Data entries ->

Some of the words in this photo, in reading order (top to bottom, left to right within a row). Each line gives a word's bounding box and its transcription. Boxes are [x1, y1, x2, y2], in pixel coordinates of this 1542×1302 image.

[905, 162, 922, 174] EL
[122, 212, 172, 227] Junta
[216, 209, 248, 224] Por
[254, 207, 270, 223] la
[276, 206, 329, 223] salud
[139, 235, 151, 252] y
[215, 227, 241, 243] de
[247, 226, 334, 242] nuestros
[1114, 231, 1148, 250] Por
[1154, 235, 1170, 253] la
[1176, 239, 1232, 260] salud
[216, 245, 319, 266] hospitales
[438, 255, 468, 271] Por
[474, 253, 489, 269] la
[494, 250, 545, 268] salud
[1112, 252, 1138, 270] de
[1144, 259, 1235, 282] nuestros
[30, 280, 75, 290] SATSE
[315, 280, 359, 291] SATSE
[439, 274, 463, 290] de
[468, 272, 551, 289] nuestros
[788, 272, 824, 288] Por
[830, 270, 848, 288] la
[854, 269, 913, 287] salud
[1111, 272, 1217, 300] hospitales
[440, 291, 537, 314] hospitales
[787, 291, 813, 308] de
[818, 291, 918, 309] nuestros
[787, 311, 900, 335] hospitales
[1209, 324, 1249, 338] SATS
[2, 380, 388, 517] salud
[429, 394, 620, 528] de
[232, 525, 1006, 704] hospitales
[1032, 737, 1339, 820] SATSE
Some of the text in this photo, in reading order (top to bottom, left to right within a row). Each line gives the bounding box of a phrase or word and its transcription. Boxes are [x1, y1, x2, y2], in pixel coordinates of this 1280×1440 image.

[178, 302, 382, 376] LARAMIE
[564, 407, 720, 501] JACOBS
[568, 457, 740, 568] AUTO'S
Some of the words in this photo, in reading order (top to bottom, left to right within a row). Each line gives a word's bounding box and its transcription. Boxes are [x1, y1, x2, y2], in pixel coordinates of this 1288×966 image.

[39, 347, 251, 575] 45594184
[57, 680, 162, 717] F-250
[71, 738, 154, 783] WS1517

Description of the task -> Would you return the full set of entries, unchanged in every detail?

Task solution ->
Some of the words in this photo, in reading order (top to bottom, left to right within a row). Each line gives a word's bounding box and its transcription. Boxes are [x1, y1, x2, y2], in pixel coordinates of this 1542×1302 image.

[905, 162, 922, 174] EL
[122, 212, 172, 227] Junta
[216, 209, 248, 224] Por
[254, 207, 270, 223] la
[276, 206, 329, 223] salud
[139, 235, 151, 252] y
[215, 227, 241, 243] de
[247, 226, 334, 242] nuestros
[1114, 231, 1148, 250] Por
[1154, 235, 1170, 253] la
[1176, 239, 1232, 260] salud
[216, 245, 319, 266] hospitales
[438, 255, 468, 271] Por
[474, 253, 489, 269] la
[494, 250, 545, 268] salud
[1112, 252, 1138, 270] de
[1144, 259, 1235, 282] nuestros
[30, 280, 75, 290] SATSE
[315, 280, 359, 291] SATSE
[439, 274, 463, 290] de
[468, 272, 551, 289] nuestros
[788, 272, 824, 288] Por
[830, 270, 848, 288] la
[854, 269, 913, 287] salud
[1111, 272, 1217, 300] hospitales
[440, 291, 537, 314] hospitales
[787, 291, 813, 308] de
[818, 291, 918, 309] nuestros
[787, 311, 900, 335] hospitales
[1209, 324, 1249, 338] SATS
[2, 380, 388, 517] salud
[429, 394, 620, 528] de
[232, 525, 1006, 704] hospitales
[1032, 737, 1339, 820] SATSE
Some of the text in this photo, in reading order (top to bottom, left to right within a row). Each line gives the bounding box of a phrase or word and its transcription. Boxes are [x1, y1, x2, y2], in pixel coordinates of this 1280×1440 image.

[178, 302, 382, 376] LARAMIE
[564, 407, 720, 501] JACOBS
[568, 457, 740, 568] AUTO'S
Some of the words in this photo, in reading order (top to bottom, left to right within a row). Each line gives a word's bounding box and its transcription. Boxes are [x1, y1, x2, y2], in pixel coordinates of this 1288×966 image.

[39, 347, 251, 575] 45594184
[57, 680, 162, 717] F-250
[71, 738, 154, 783] WS1517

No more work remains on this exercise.